The question of incentivising health professionals to work in Ireland or to return to Ireland was raised. Again, if we invest in the system and improve the public system, there will be a natural element of people seeking to work in the system or, to put it another way, not wanting to not work in the system.

Deputy Barry referred to the Canadian system. I would not profess to be an expert on the Canadian model. I was under the impression that rather than private health insurance being banned, there is a ban on private health insurance covering anything that is covered by the statutory system. In other words, private health insurance can cover care not covered by the statutory system and it operates purely as a complementary health insurance system. I am open to correction on that point. Certainly, the Canadian model has been proposed as a good model, although in terms of health spending as a proportion of GDP, Canada is at the higher end of the scale. I gather it is one of the higher spending countries, notwithstanding the fact that we are, temporarily at least, one of the highest spending countries.

Another point to note relates to the peculiarity of the figures in looking at health spending as a percentage of GDP. Given the 26% increase in GDP in 2015, our health spending as a percentage of GDP in 2015 will, I imagine, suddenly come down below the OECD average again. We will come down the rankings simply because our GDP has gone up and the denominator has increased. Health spending per capita may be a more useful measure in that sense.
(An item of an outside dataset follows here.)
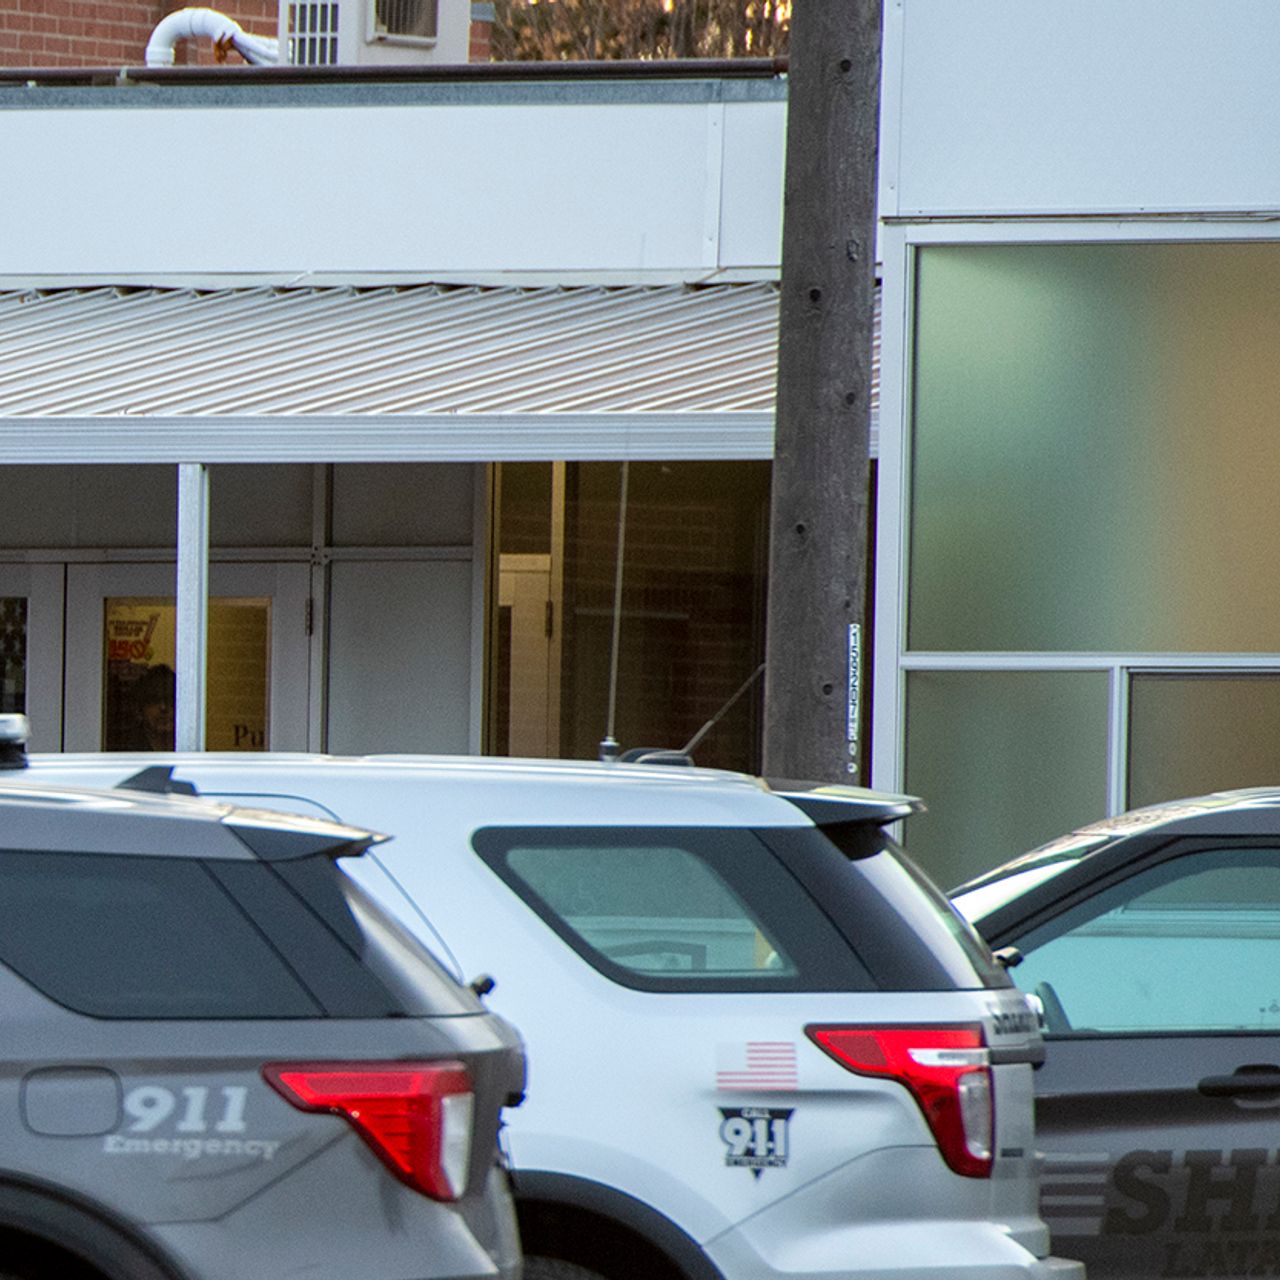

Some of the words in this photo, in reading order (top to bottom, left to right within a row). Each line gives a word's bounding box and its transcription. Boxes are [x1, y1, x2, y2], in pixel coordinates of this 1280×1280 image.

[124, 1086, 248, 1133] 911
[103, 1136, 280, 1160] Emergency
[1101, 1149, 1280, 1236] SH
Deputy Durkan asked about the hospital services generally retaining and recruiting professionals in other countries. The honest answer is that I am unsure how they do it or what the mechanics are. Certainly, we are facing a shortage of professionals. Some other countries are below the OECD average in this regard. However, I have not undertaken any investigations into why that is the case – I would rather not hazard a guess.

Thank you very much, Dr. Turner. I appreciate you coming in, the time you gave us this morning and your responses to the questions from members. We will suspend and resume in private session when the Trinity team will be in to update us on the drafting of the plan.

The select committee went into private session at 10.55 a.m. and adjourned at 11.55 a.m. until 9 a.m. on Wednesday, 1 February 2017.